- Opening Delimiter -

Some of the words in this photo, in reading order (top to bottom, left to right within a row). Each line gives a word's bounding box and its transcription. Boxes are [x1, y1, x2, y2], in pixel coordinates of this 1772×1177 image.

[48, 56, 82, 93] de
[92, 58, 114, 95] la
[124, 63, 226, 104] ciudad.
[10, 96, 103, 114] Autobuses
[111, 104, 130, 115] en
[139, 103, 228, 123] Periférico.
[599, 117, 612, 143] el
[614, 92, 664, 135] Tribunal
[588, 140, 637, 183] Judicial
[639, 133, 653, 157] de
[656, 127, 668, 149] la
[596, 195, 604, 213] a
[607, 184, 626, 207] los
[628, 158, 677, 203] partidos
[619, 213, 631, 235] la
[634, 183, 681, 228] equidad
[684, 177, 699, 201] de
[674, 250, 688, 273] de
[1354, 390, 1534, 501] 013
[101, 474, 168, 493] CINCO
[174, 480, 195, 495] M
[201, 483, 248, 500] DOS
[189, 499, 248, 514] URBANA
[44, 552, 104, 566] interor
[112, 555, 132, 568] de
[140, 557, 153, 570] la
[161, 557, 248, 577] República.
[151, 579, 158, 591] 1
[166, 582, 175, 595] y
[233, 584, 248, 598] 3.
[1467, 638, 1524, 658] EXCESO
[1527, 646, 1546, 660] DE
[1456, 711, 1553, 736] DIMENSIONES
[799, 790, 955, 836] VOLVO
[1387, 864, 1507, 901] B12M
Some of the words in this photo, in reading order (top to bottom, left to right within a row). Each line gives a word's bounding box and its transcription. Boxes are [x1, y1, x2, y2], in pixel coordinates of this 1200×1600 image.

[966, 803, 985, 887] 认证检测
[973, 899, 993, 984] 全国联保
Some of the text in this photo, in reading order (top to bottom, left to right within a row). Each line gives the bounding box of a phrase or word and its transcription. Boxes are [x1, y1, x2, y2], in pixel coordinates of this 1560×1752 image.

- Closing Delimiter -

- Work item
Restate all of the entries exactly, please.

- Solution
Some of the words in this photo, in reading order (top to bottom, left to right within a row). Each line gives a word's bounding box and its transcription. Boxes are [x1, y1, x2, y2], in pixel coordinates of this 1772×1177 image.

[48, 56, 82, 93] de
[92, 58, 114, 95] la
[124, 63, 226, 104] ciudad.
[10, 96, 103, 114] Autobuses
[111, 104, 130, 115] en
[139, 103, 228, 123] Periférico.
[599, 117, 612, 143] el
[614, 92, 664, 135] Tribunal
[588, 140, 637, 183] Judicial
[639, 133, 653, 157] de
[656, 127, 668, 149] la
[596, 195, 604, 213] a
[607, 184, 626, 207] los
[628, 158, 677, 203] partidos
[619, 213, 631, 235] la
[634, 183, 681, 228] equidad
[684, 177, 699, 201] de
[674, 250, 688, 273] de
[1354, 390, 1534, 501] 013
[101, 474, 168, 493] CINCO
[174, 480, 195, 495] M
[201, 483, 248, 500] DOS
[189, 499, 248, 514] URBANA
[44, 552, 104, 566] interor
[112, 555, 132, 568] de
[140, 557, 153, 570] la
[161, 557, 248, 577] República.
[151, 579, 158, 591] 1
[166, 582, 175, 595] y
[233, 584, 248, 598] 3.
[1467, 638, 1524, 658] EXCESO
[1527, 646, 1546, 660] DE
[1456, 711, 1553, 736] DIMENSIONES
[799, 790, 955, 836] VOLVO
[1387, 864, 1507, 901] B12M
Some of the words in this photo, in reading order (top to bottom, left to right within a row). Each line gives a word's bounding box and its transcription. Boxes are [x1, y1, x2, y2], in pixel coordinates of this 1200×1600 image.

[966, 803, 985, 887] 认证检测
[973, 899, 993, 984] 全国联保
Some of the text in this photo, in reading order (top to bottom, left to right within a row). Each line gives the bounding box of a phrase or word and its transcription. Boxes are [x1, y1, x2, y2], in pixel coordinates of this 1560×1752 image.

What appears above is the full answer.